OBITUARY NOTICE—See index for CA sketch: Born September 16, 1913, in Dublin, Ireland; died June 2, 2003. Art expert and author. Though he did not have extensive formal training in the field, White became one of the most important figures in the art world, especially in his native Ireland, where he was director of the National Gallery. White was interested in art from the time he was a child, but because his family was poor he left school at the age of sixteen to work in the John Player tobacco factory, where he was employed for thirty-one years and became a manager. At the same time White took private art lessons. After his instructor, Mainie Jellett, suggested to him that he might do better as an art critic, he successfully found work contributing art reviews to the Catholic Standard during the 1940s. This was followed by a position as art critic for the Irish Press in the 1950s and as a contributor to the Irish Times from 1959 to 1962. White also appeared on Radio Eireann and gave lectures at the Ulster Museum and Trinity College.
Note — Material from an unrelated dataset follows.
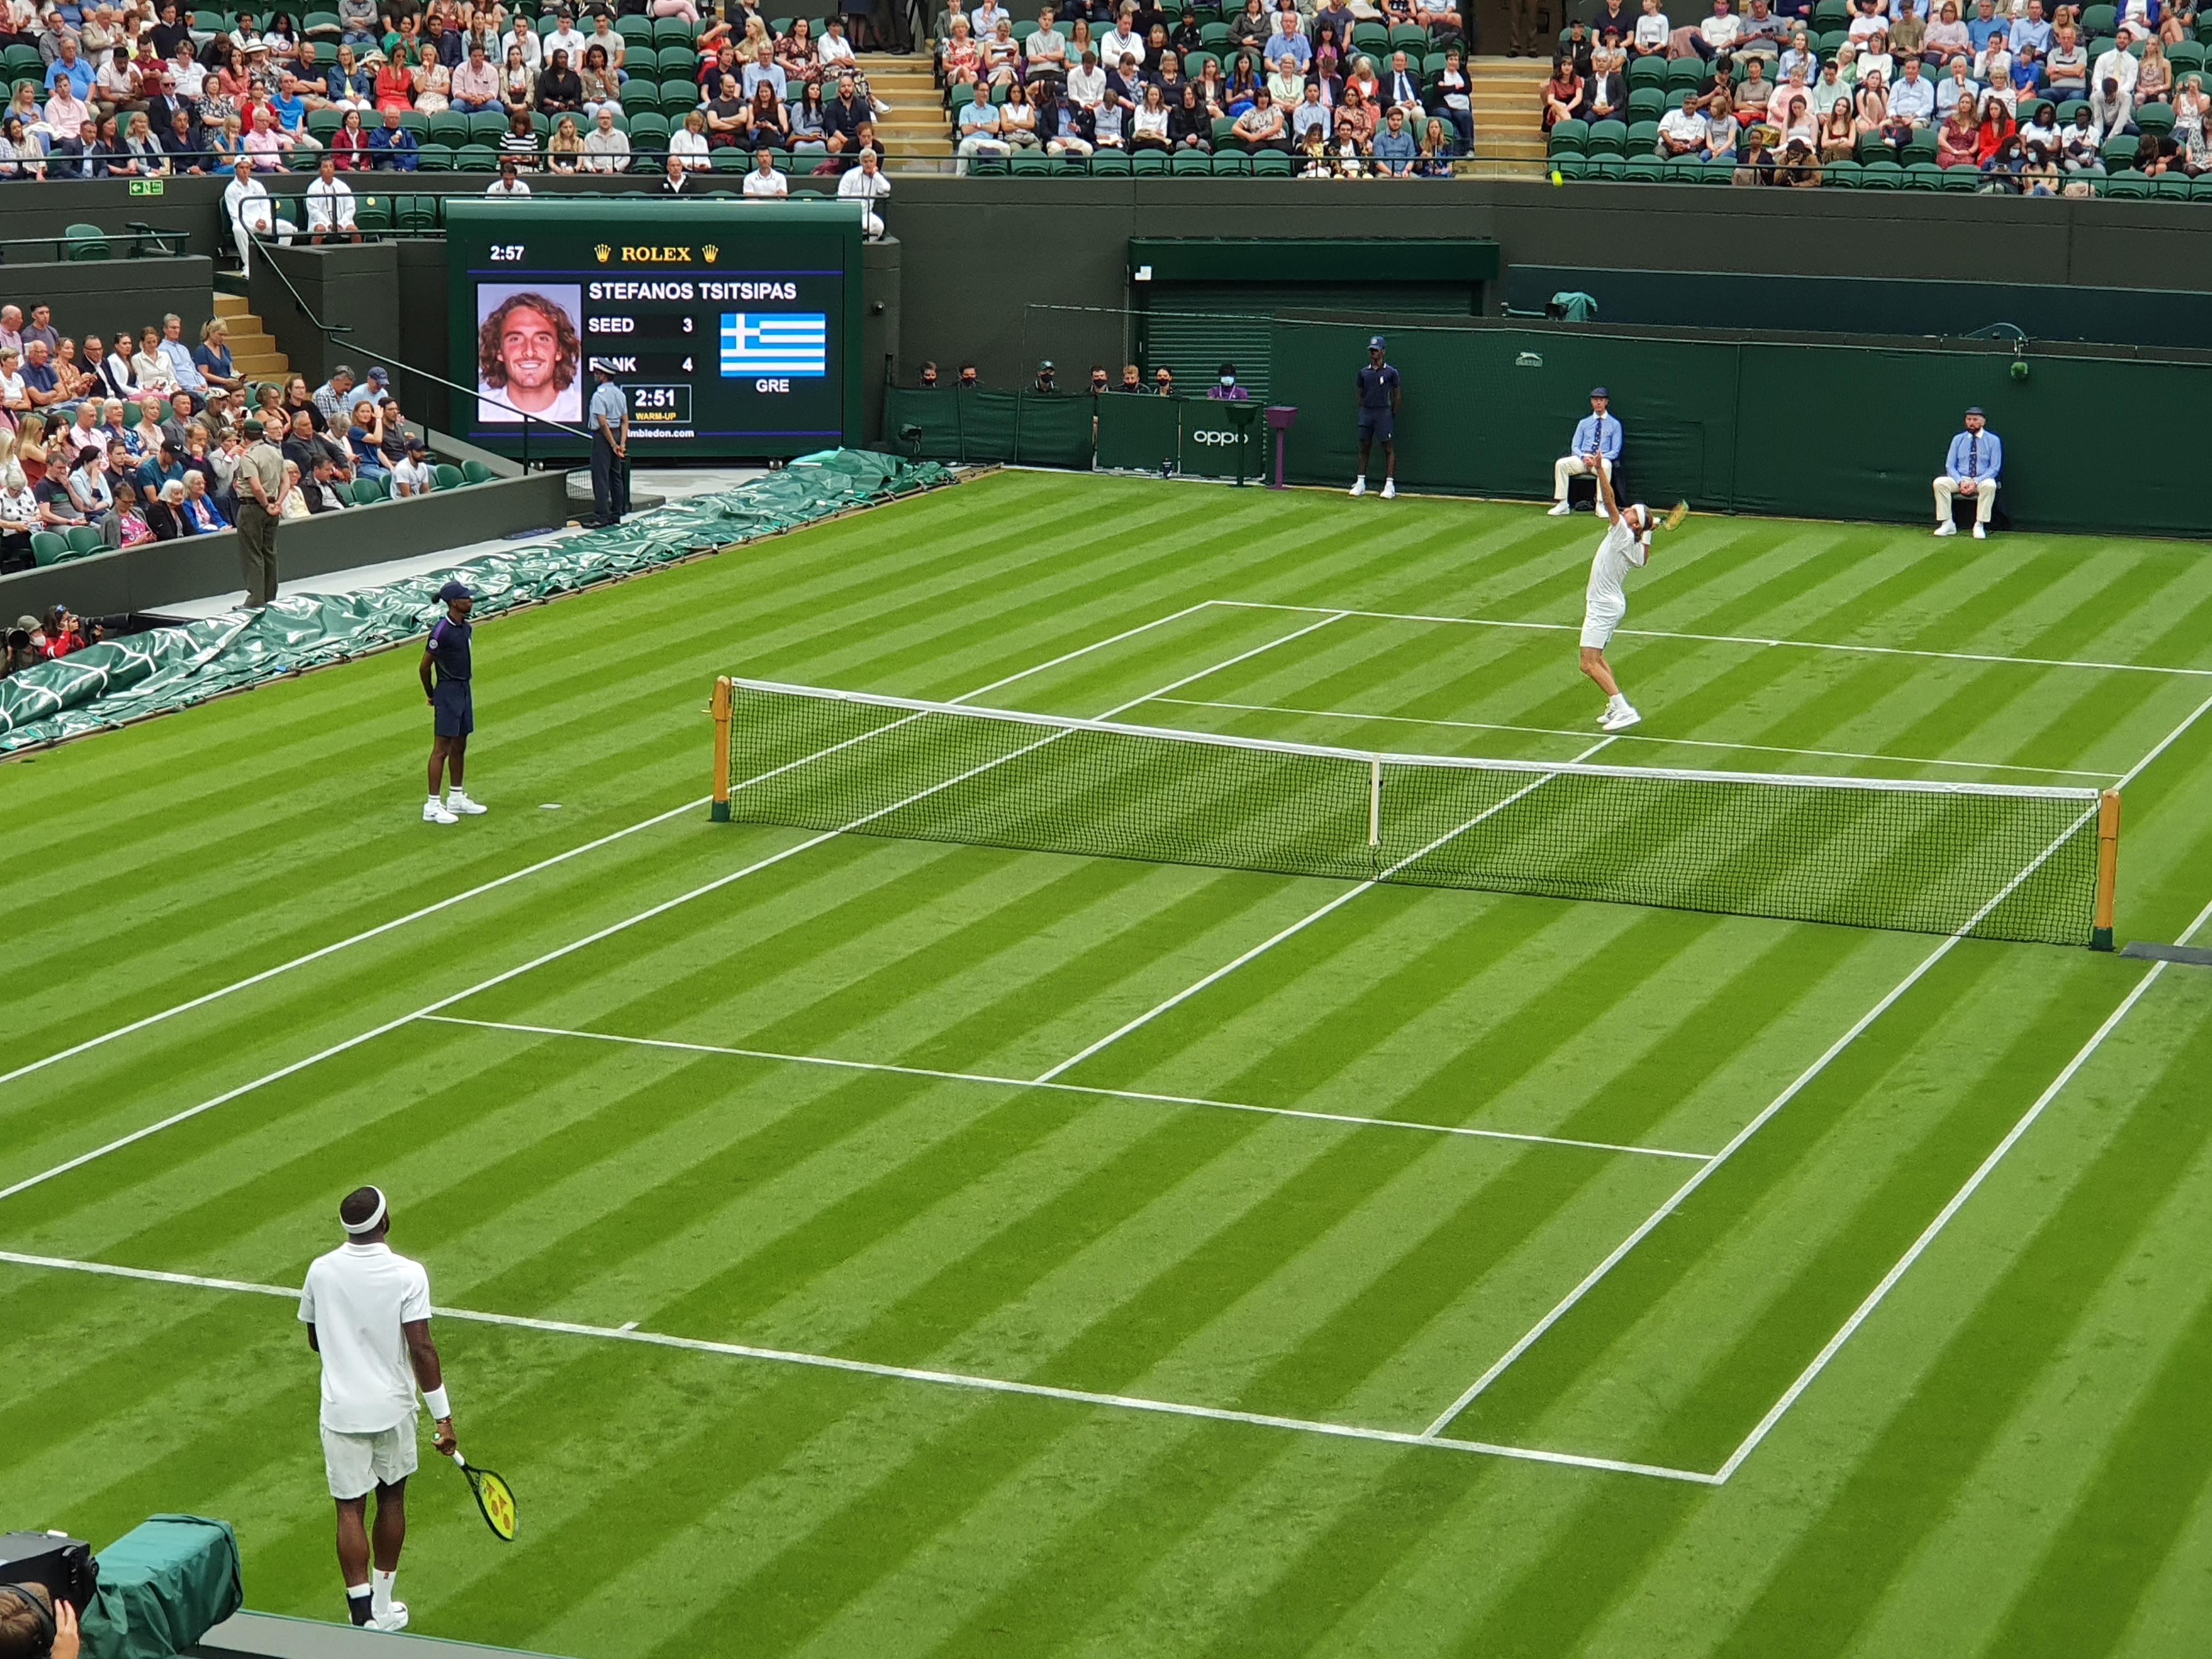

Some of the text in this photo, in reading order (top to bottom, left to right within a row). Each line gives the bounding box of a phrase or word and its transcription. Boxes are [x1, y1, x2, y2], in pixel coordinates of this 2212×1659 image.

Having proved his expertise in art, he was hired as curator of the Dublin Municipal Gallery (now the Hugh Lane Gallery of Modern Art) in 1960. Believing that art should be for everyone, White opened the gallery to children, organized a children's art holiday, and created special tours for interested public groups. He was hired, in 1964, as director of the National Gallery of Ireland. Continuing his goal to bring art to a broader range of people, he increased attendance at the gallery from about 93,000 people in 1967 to over 400,000 in 1980, the year he retired. With the help of a generous donation from the estate of George Bernard Shaw, White also managed to substantially increase and diversify the gallery's collection of artworks. White, who was also interested in ballet and was a founding member of the Irish Ballet Club, helped bring Irish, and especially modernist, art to the public's attention. He was also the author of several books on art and artists, including John Butler Yeats and the Irish Renaissance (1972), Pauline Bewick: Painting a Life (1985), and Gerard Dillon: An Illustrated Biography (1994).

OBITUARIES AND OTHER SOURCES:

BOOKS

Art Is My Life: A Tribute to James White, National Gallery of Ireland (Dublin, Ireland), 1991.

PERIODICALS

Irish Times, June 7, 2003, p. 12

Times (London, England), June 18, 2003, p. 30.